そして、そんな絵音さんに続き、キーボードを担う新垣隆(以下、ガッキー)、ベース担当のくっきー!(以下、くっきー)、ボーカルを務める“歌姫”中嶋イッキュウ(以下、イッキュウさん)、ドラムを受け持つ小籔一豊(以下、小籔さん)が一人ひとり登場。自己紹介する形でバトンを繋げてゆくという、斬新なオープニングからスタートした。
笑いを誘う“典子さん”
メインステージへ戻り、「夏嵐」や「ランデブーに逃避行」、「コクーンさん」を披露すると、「ダイエッター典子」へ。ダンサー・典子さんたちが登場し、エクササイズ風のダンスを繰り広げる中、イッキュウさんが典子さんの想いを高らかに歌い上げていく。
この曲に登場する典子さんは、名目上はダイエッターである。連れの“あんた”がスタイル完璧な他の女性を見ていたことで嫉妬し、ダイエットに励もうとするも、大好きなタピオカの魅力に負けてしまっているのが現状だ。
頭の中では「食べ過ぎ注意」や「モチモチガールを卒業したら ボンキュッボンになるんだから」とは思いつつも、とにかく“やる気が出ない”のである。そんな典子さんの心情を、ダンサー・典子さんたちとともにジェニーハイは描いていた。
イッキュウさんの「頑張ってダイエッター典子」という歌声とともに応援したくなる声をグッと抑える代わりに、手を挙げたり、拳を突き上げたりと、エールを送っていると、典子さんはある“考え”が思い浮かぶのである。それは「食べ過ぎたら 奇跡的な体質変化が起こるかもしれない」「科学を超える力は奇跡でしか起こせない」というもの。典子さん流“タピオカダイエット”だ。

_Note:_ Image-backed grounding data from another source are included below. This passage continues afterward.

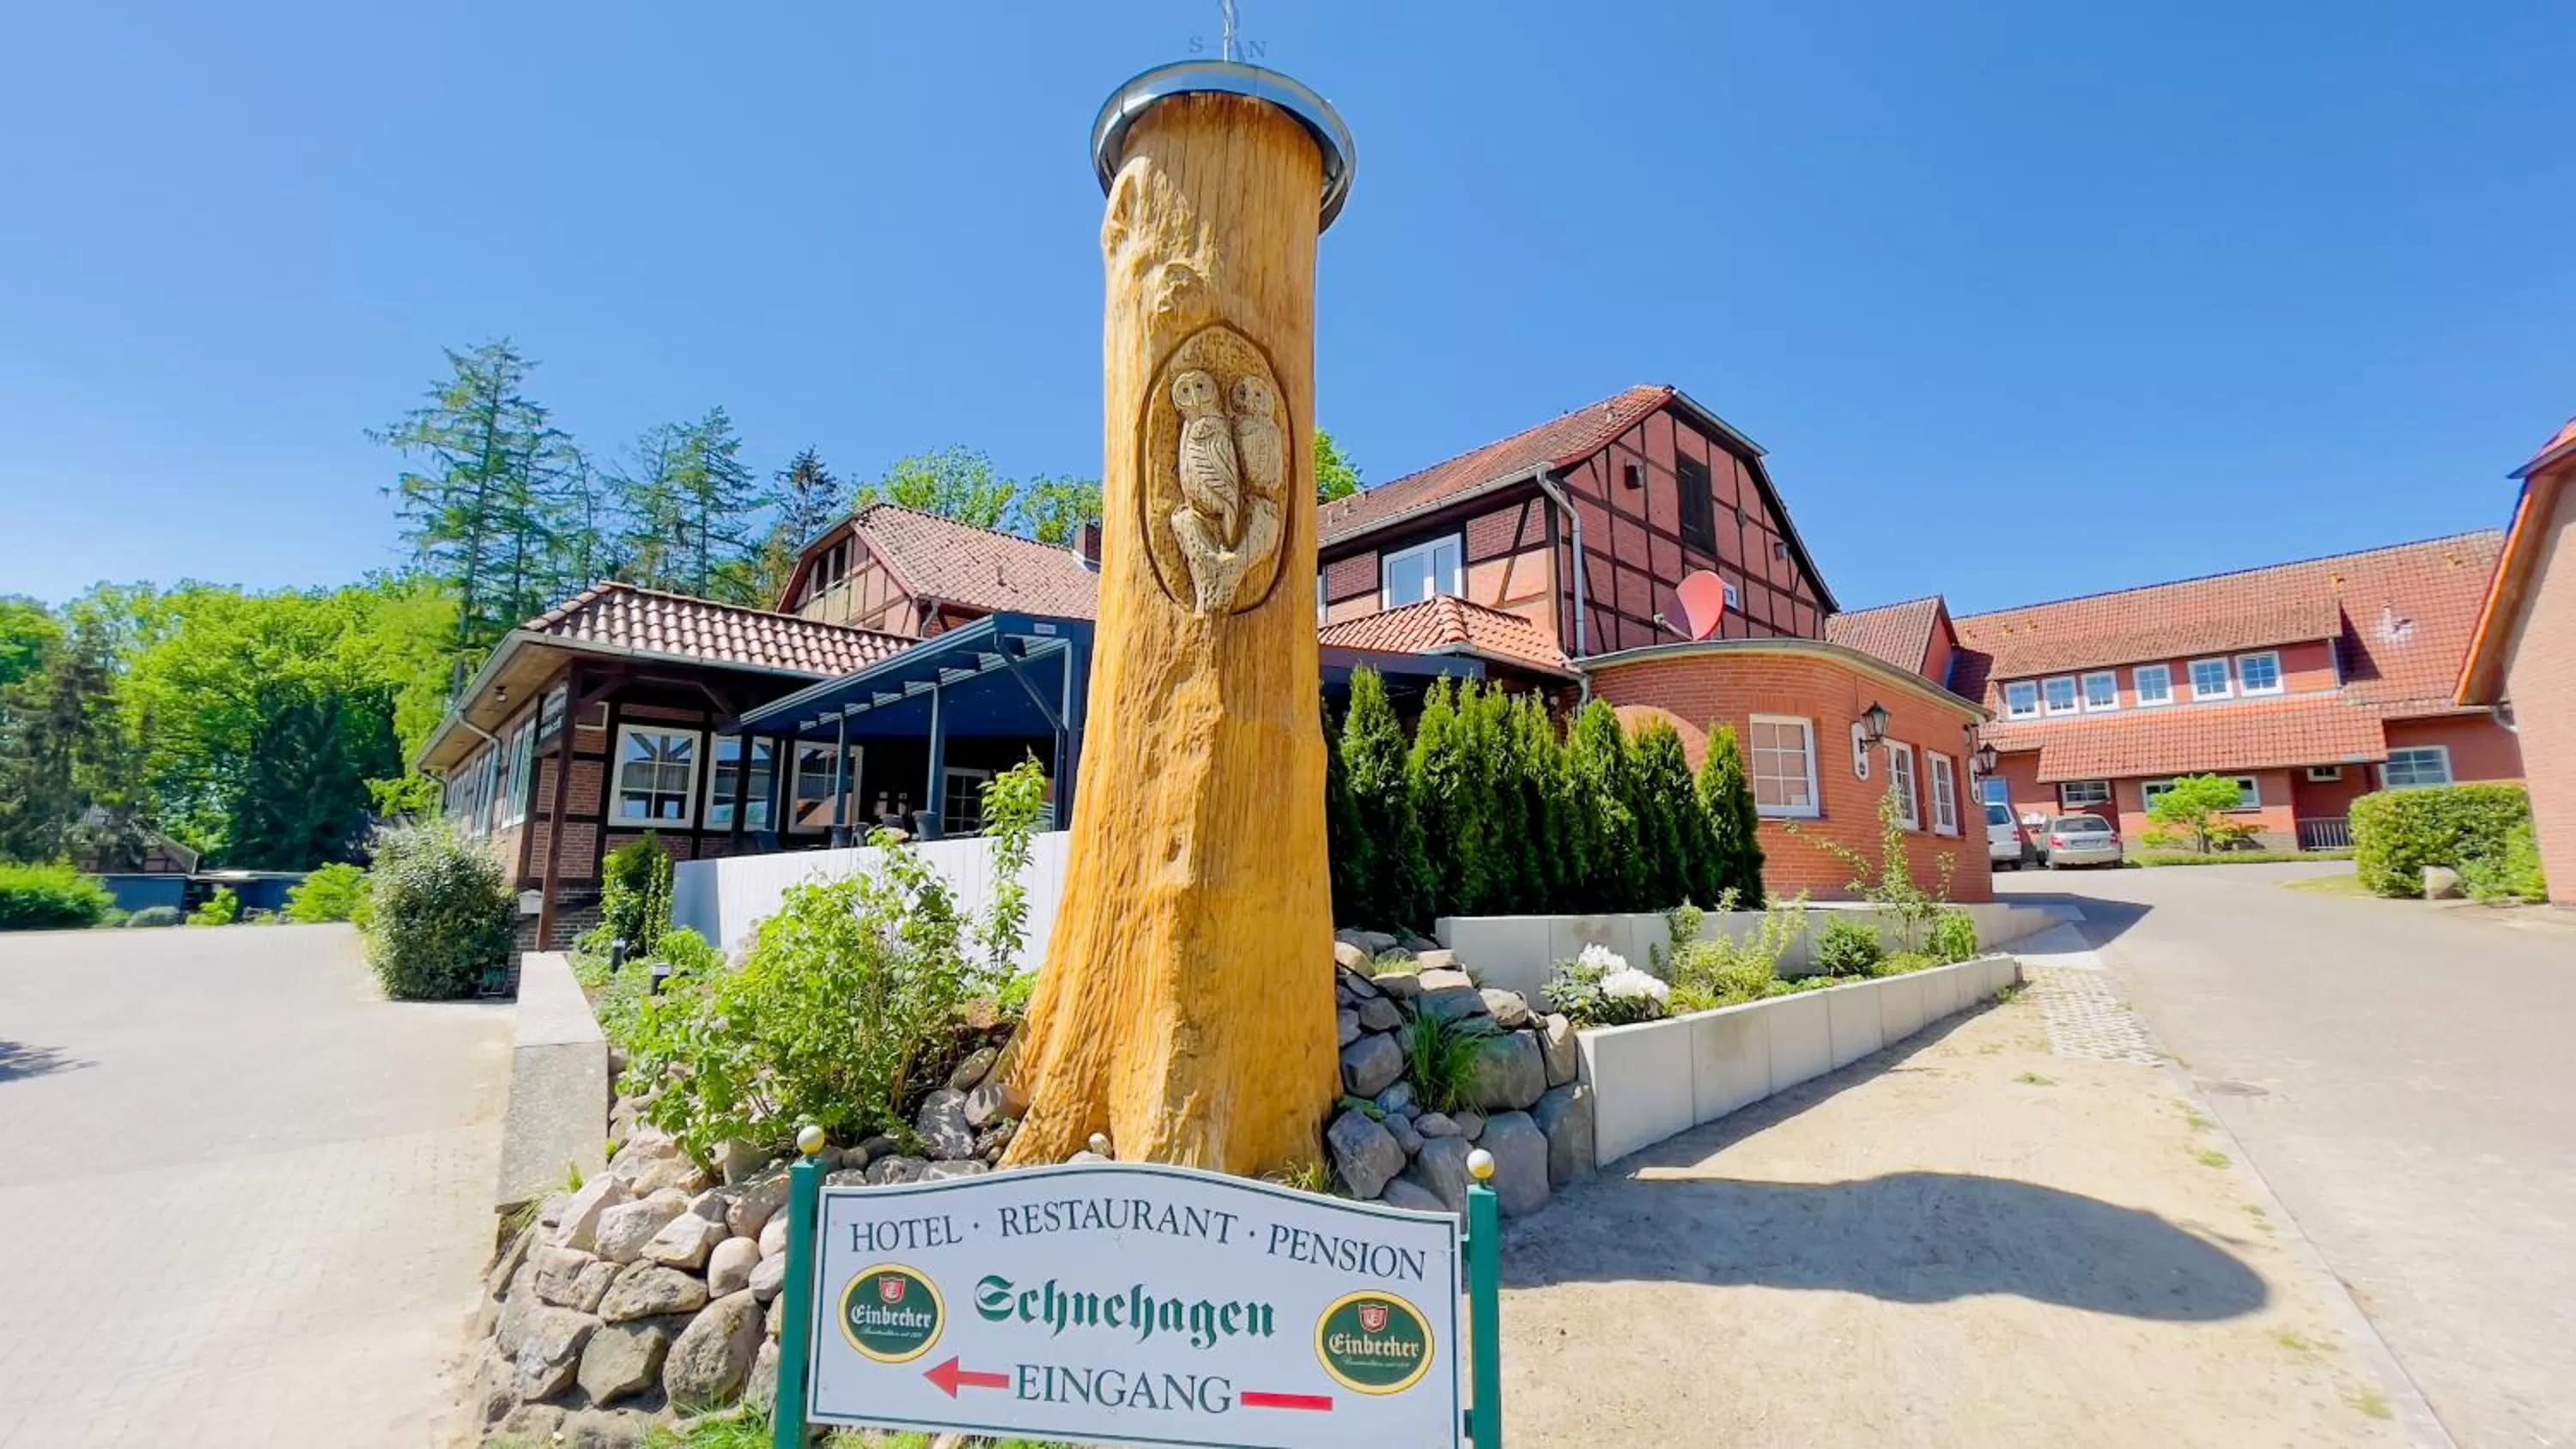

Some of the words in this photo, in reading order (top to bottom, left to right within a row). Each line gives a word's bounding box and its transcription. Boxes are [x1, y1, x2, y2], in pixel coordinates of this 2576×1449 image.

[1188, 36, 1204, 54] S
[1248, 40, 1267, 58] N
[851, 1215, 963, 1252] HOTEL
[998, 1197, 1239, 1245] RESTAURANT
[1267, 1223, 1426, 1282] PENSION
[850, 1304, 932, 1329] Einbecker
[974, 1274, 1275, 1349] Schnehagen
[1328, 1332, 1419, 1358] Einbecker
[1016, 1364, 1233, 1414] EINGANG

「幸せ掴みたいんでしょ お腹掴めてる場合じゃない」と思っていた典子さんが「食べ過ぎ上等ダイエッター」「タピオカ摂取できないよりは できる幸せを掴みたい」と開き直る瞬間は笑いを誘うが、そんなユーモアたっぷりの典子さんのファンは多い。その後、ジェニーハイは立て続けに「バイトリーダー典子」を披露し、“典子さんシリーズ”を完成。典子さんの世界観へと引きずり込んだ。
ダンスで魅せるジェニーハイ
MCを挟み、披露されたのは、「ジェニーハイラプソディー」、「愛しのジェニー」、「ジェニーハイボックス」のダンス曲の数々である。

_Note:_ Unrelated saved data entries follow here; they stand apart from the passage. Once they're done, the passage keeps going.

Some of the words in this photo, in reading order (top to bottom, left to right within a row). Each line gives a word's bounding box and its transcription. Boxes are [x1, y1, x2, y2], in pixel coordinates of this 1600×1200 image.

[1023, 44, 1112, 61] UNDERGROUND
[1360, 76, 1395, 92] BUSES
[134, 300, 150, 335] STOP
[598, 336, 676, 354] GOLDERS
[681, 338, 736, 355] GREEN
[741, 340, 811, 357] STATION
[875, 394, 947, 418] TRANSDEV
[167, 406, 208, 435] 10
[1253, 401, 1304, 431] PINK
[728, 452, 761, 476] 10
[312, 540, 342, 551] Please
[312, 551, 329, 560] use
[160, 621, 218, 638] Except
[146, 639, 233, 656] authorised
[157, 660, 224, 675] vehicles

両手で作った“ジェニーハイ(genie high)”の“g”のポーズを左右にリズミカルに動かしたり、リズムに合わせて前に突き出した両腕を舟をこぐようにして踊ってみたり、手遊びうた「おべんとうばこのうた」をオマージュした振り付けを披露したり。それぞれの曲で楽しそうにダンスするメンバーに合わせて、一緒に踊る人や、手を挙げる人など、観客は思い思いにその場を楽しんでいる人が多いように感じた。
また「愛しのジェニー」では、メンバー4人が前屈をする中、絵音さんが一人ひとりに「不埒なあの子も才能の前に背筋ピン」と歌っていき、それぞれ「背筋ピン」と答えながら、実際に背筋を伸ばしていくといったシーンもある。

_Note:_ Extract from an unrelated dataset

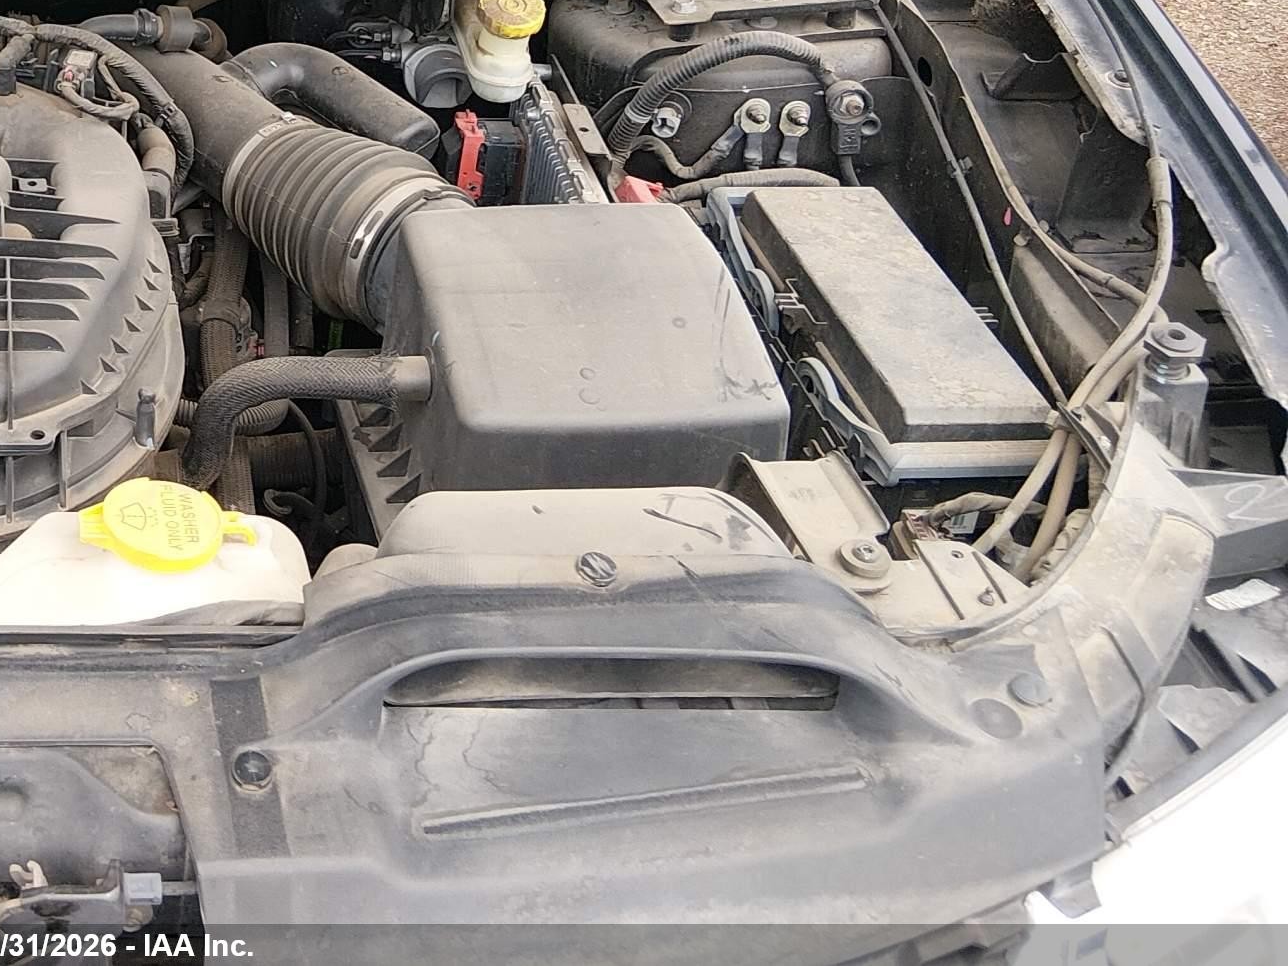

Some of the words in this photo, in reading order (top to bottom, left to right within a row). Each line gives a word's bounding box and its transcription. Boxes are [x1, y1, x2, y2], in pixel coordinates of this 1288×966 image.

[159, 484, 177, 518] FLUID
[178, 493, 200, 544] WASHER
[165, 520, 184, 552] ONLY

最終周の「背筋ピン」をくっきーや小籔さんが面白おかしく言っていく中、ガッキーの裏返った声での「背筋ピン」には、絵音さんだけでなく、観客からも笑みがこぼれていた。絵音さんがこの曲について「最後まで笑わずに歌えたことがない」と話していた理由がよく分かった瞬間だった。
個性光るメンバーのパフォーマンス
その後、「グータラ節」と「ルービックラブ」のパフォーマンスを終えると、ジェニーハイはいったんステージを離れ、衣装チェンジをして再登場。BiSHのメンバーのひとりであるアイナ・ジ・エンドをゲストに迎え、「不便な可愛げ」を披露したのち、「卓球モンキー」をプレイしていく。
MVほど地面すれすれではなかったものの、膝丈くらいの低い位置でベースをかき鳴らすくっきー、美しいピアノが無双するガッキー、思わずくすりと笑ってしまうイッキュウさんの語りなど、この曲の魅力は計り知れないが、中でもひと際、目を引いたのが、小籔さんである。
この日のために、ほぼ毎日のように自身のInstagramにコメントを添えて、ドラムの練習風景をアップしてきた小籔さん。そんな小籔さんが、時に真剣な眼差しで、時に瞳を閉じてビートを刻んでいく姿は、ブルブルと心を震わせたのだ。スティック回しなどの細かな芸などは入れずに、曲の世界観に入り込みながら叩いているように見えたその姿はとにかくカッコよかった。
MCでの小籔さんはお笑いのプロとしての顔を覗かせるものの、「ジェニーハイのテーマ」で「満員の観客を笑わせるんじゃなくて踊らせるんだ」と歌っているように、演奏中の小籔さんは一人ひとりの心を踊らせに来ているように感じた。そしてその想いは、イッキュウさんやガッキー、くっきーや絵音さんを観ていても、ひしひしと伝わってくるのである。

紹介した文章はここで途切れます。